Your output must be the lines below from the line containing "this 1560×1386 image." to the line containing "this 1500×1125 image.", both lines included, reproduced exactly and without pictures.

..............................

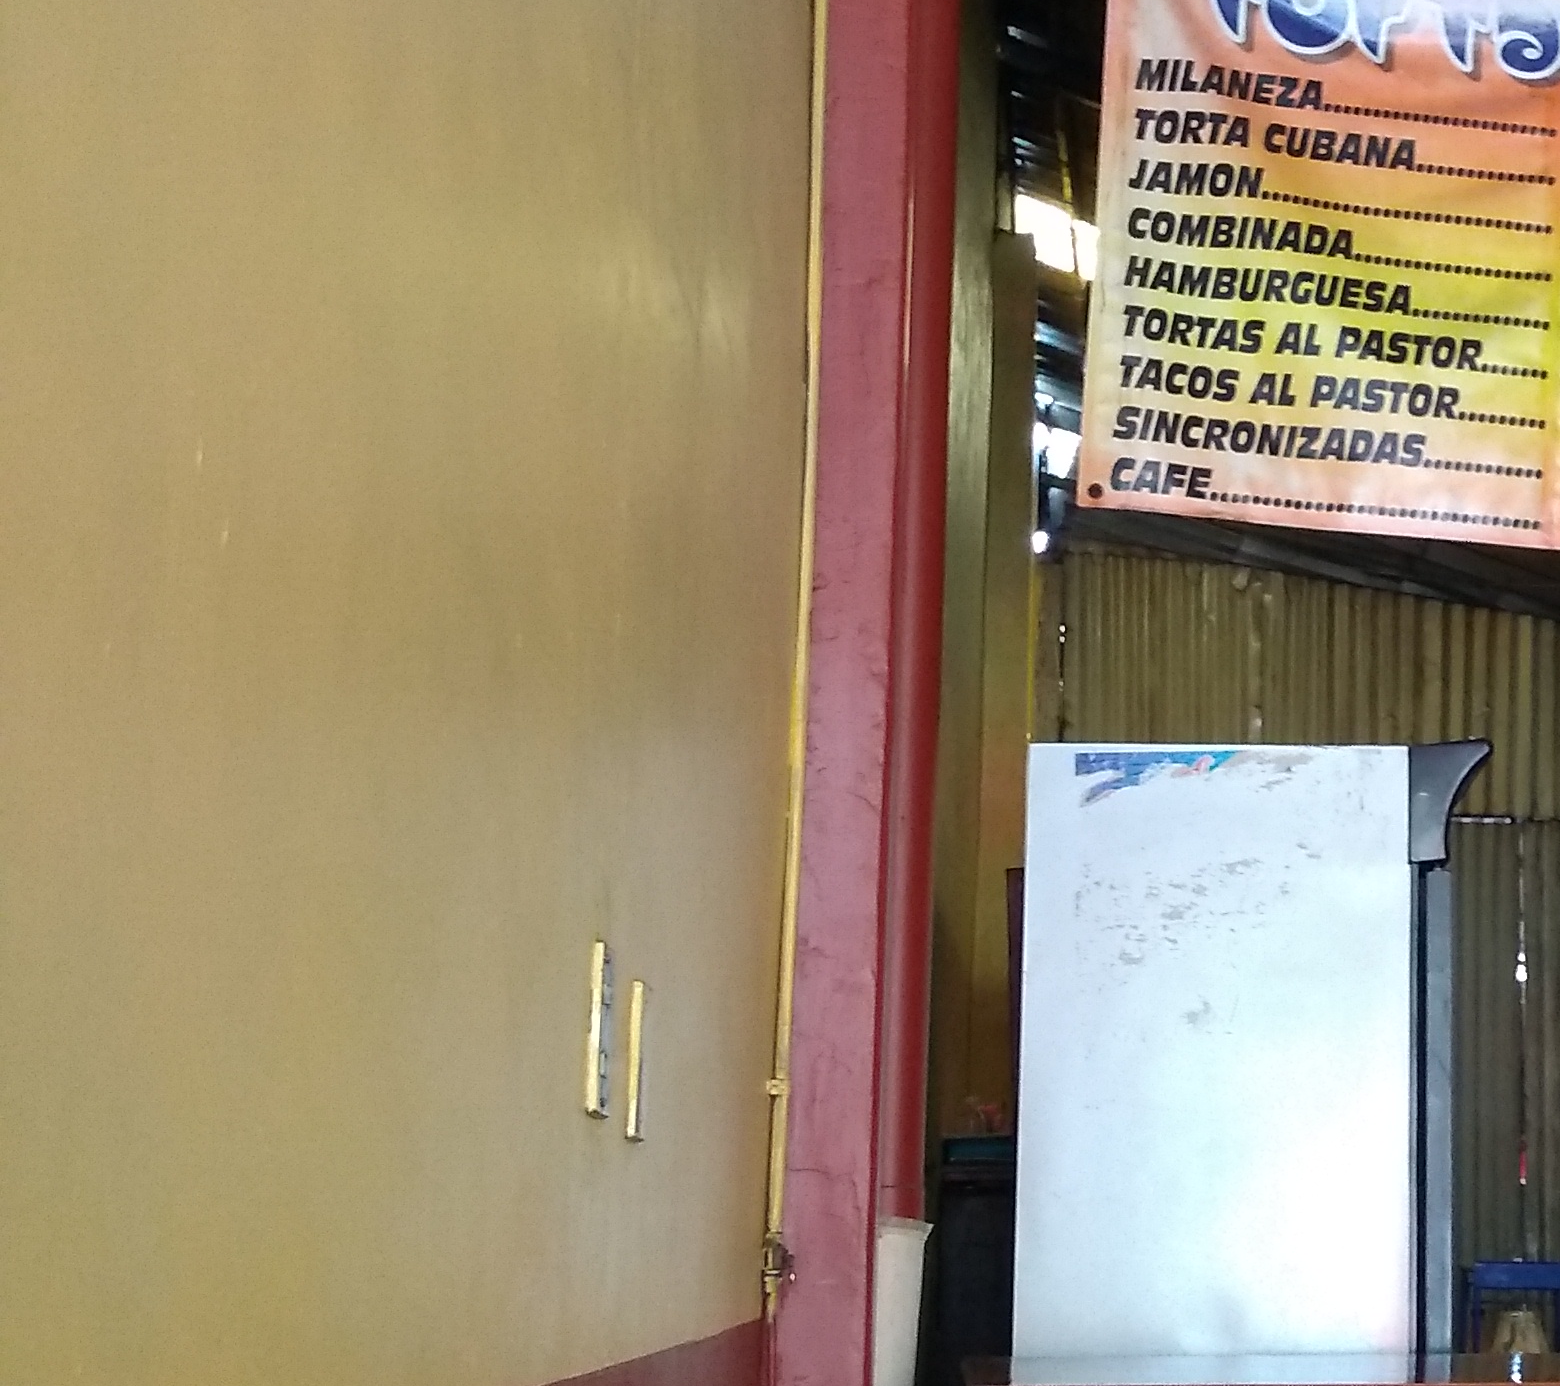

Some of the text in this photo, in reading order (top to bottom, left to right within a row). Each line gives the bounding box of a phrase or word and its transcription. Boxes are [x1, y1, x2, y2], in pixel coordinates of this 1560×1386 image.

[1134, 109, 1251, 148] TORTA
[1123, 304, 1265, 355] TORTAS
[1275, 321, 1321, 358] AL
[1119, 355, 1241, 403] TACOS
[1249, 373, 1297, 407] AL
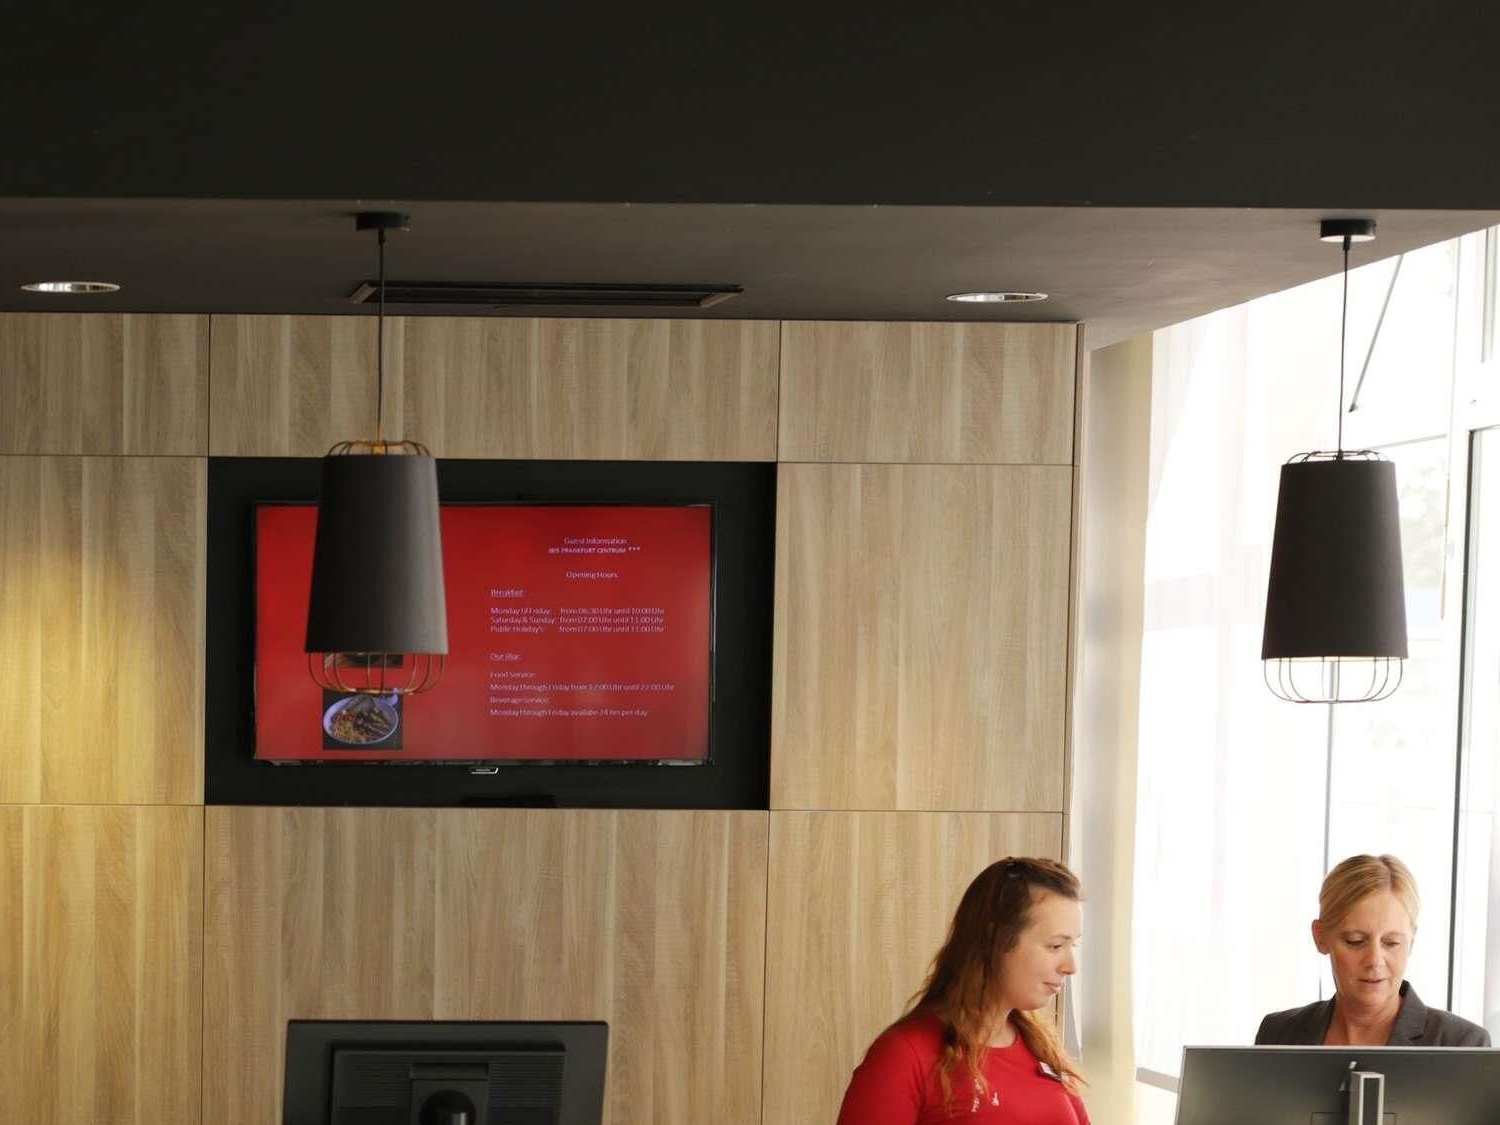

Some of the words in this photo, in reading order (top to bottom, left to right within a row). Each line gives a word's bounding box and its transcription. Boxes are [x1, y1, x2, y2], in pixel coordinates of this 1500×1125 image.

..............................

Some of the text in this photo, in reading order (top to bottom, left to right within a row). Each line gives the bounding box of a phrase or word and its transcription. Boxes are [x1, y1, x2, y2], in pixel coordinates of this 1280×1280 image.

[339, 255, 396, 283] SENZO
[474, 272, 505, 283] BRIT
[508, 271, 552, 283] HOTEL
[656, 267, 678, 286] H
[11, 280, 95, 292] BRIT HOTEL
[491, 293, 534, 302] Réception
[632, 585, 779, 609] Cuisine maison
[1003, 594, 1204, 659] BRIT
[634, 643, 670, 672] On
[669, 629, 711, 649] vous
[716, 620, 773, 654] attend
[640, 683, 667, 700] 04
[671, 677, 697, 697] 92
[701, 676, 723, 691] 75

..............................

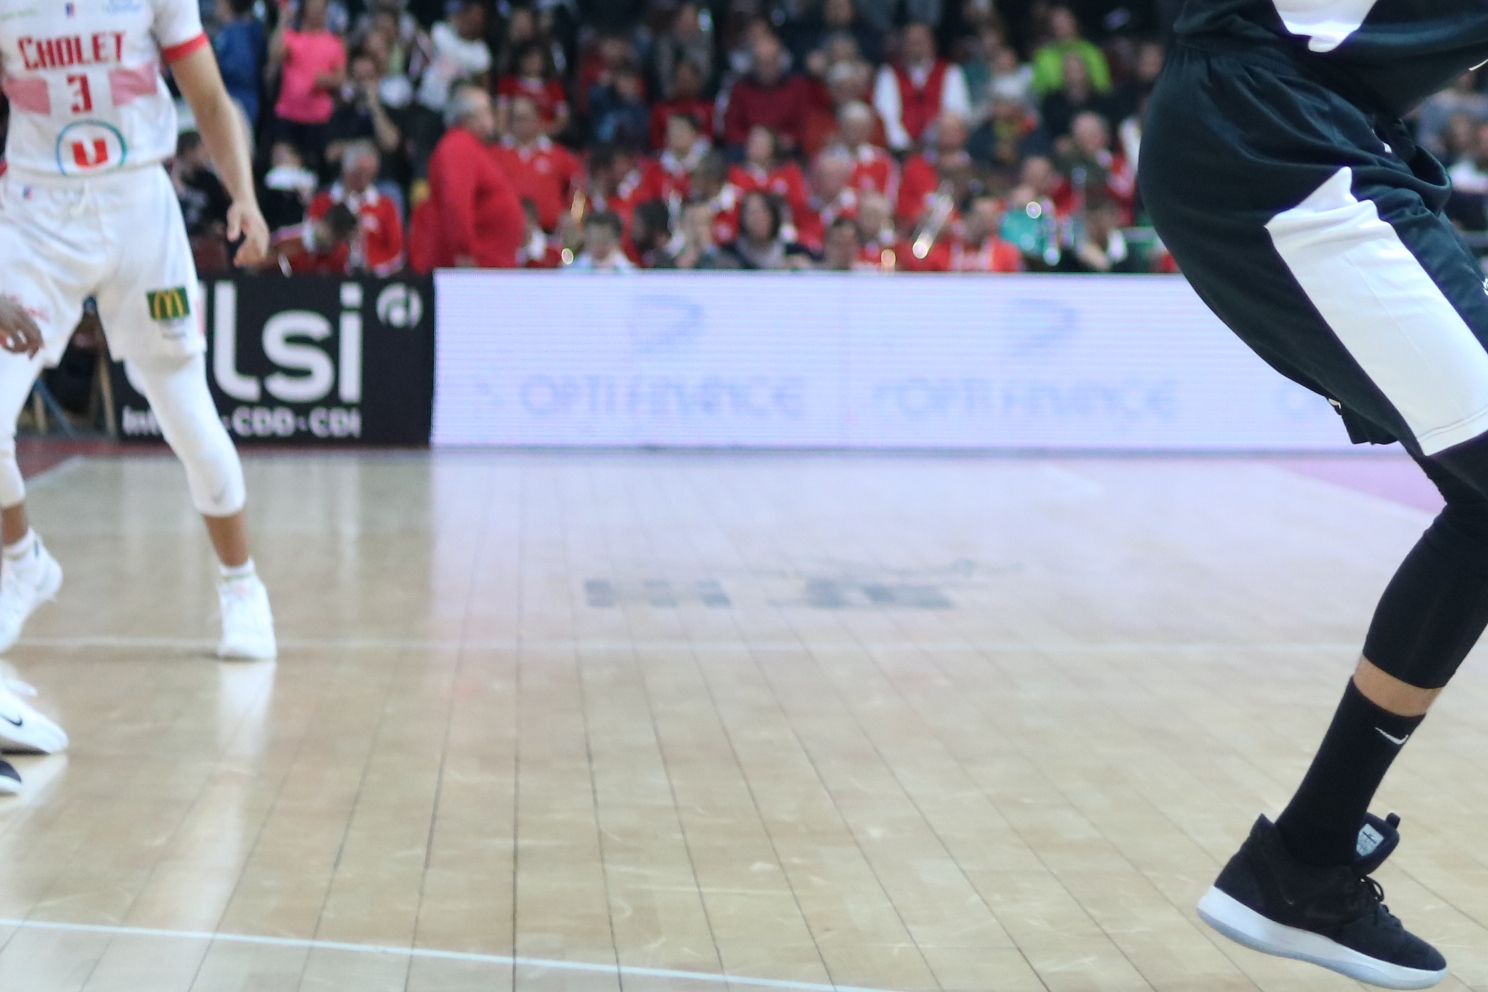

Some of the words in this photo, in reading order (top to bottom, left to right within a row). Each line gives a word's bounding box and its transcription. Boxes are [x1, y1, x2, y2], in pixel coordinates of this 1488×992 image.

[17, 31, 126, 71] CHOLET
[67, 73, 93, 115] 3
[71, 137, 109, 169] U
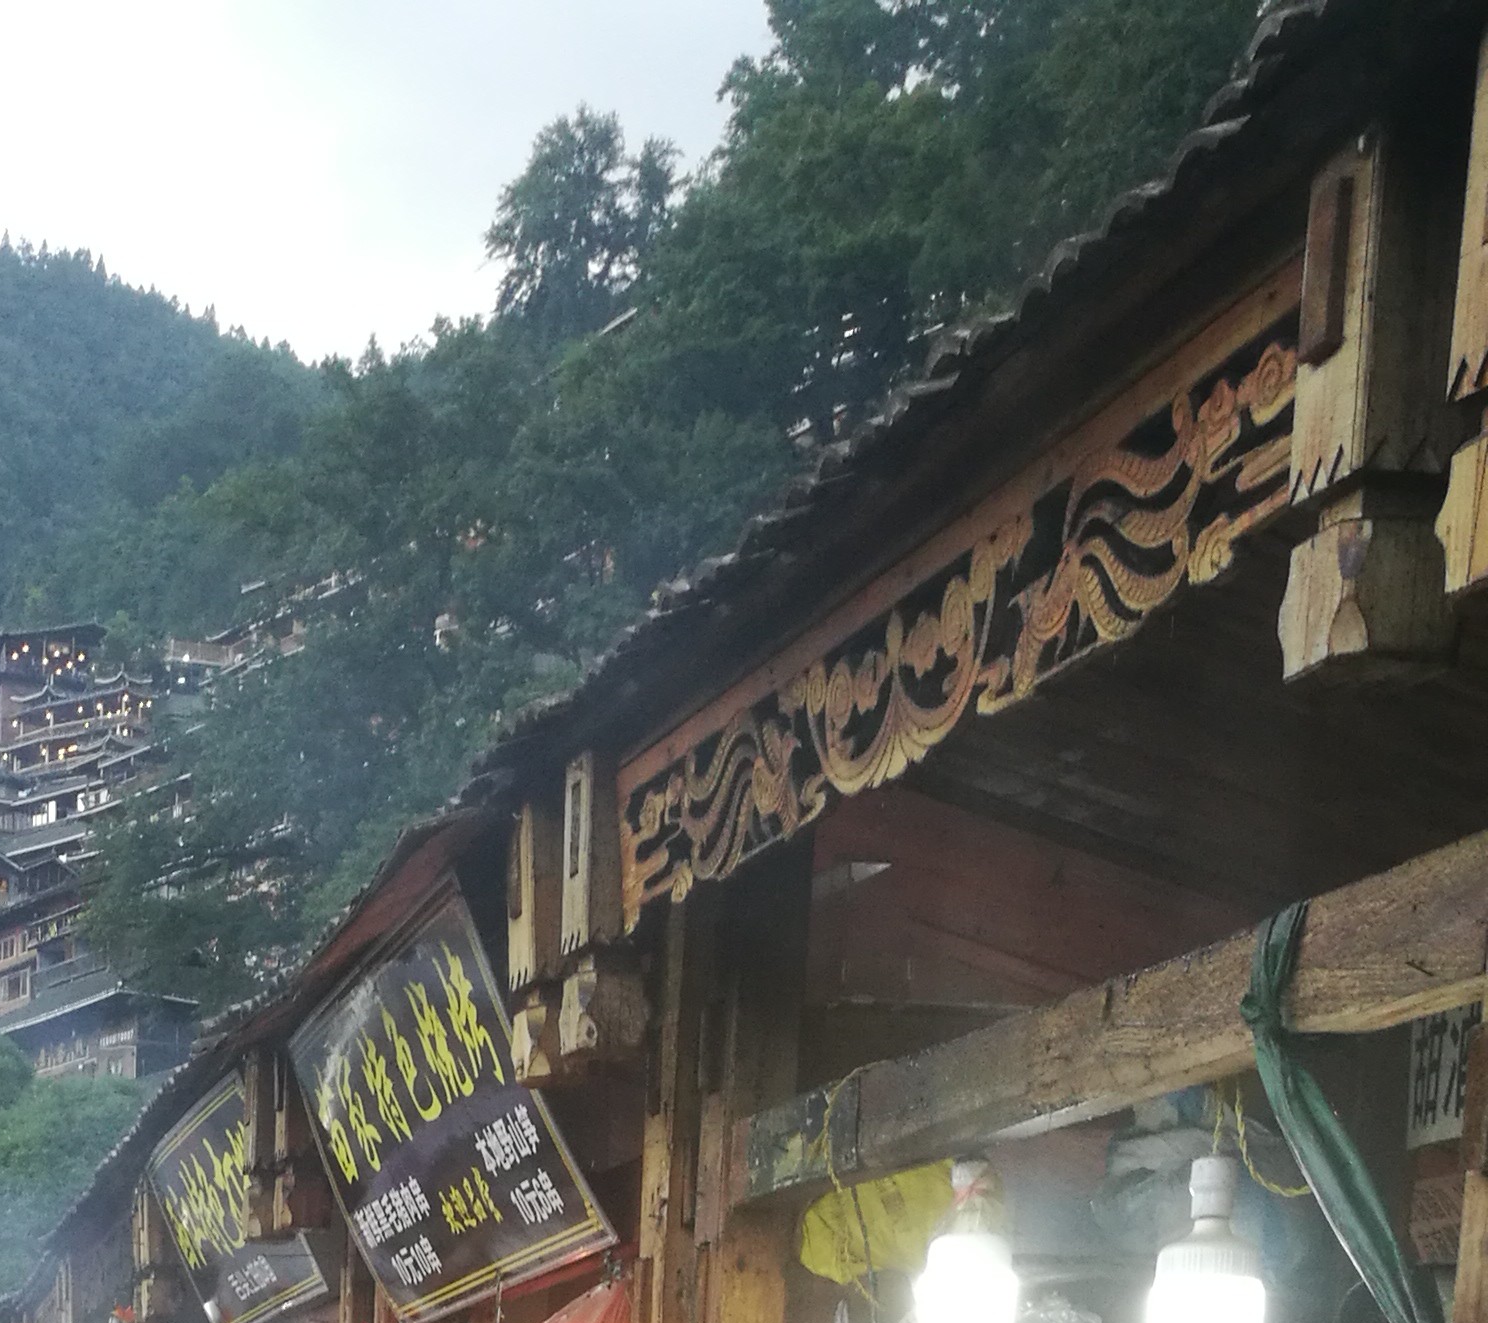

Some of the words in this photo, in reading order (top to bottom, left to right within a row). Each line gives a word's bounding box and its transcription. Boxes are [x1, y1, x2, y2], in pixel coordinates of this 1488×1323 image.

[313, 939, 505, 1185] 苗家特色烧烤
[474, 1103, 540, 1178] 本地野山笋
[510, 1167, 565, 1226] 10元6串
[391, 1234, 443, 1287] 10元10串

..............................

## Solution to this exercise
Some of the text in this photo, in reading order (top to bottom, left to right within a row). Each line gives the bounding box of a phrase or word and its transcription. Boxes are [x1, y1, x2, y2], in pixel coordinates of this 1560×1386 image.

[1134, 109, 1251, 148] TORTA
[1123, 304, 1265, 355] TORTAS
[1275, 321, 1321, 358] AL
[1119, 355, 1241, 403] TACOS
[1249, 373, 1297, 407] AL

Some of the words in this photo, in reading order (top to bottom, left to right within a row). Each line gives a word's bounding box and its transcription. Boxes are [x1, y1, x2, y2], in pixel coordinates of this 1500×1125 image.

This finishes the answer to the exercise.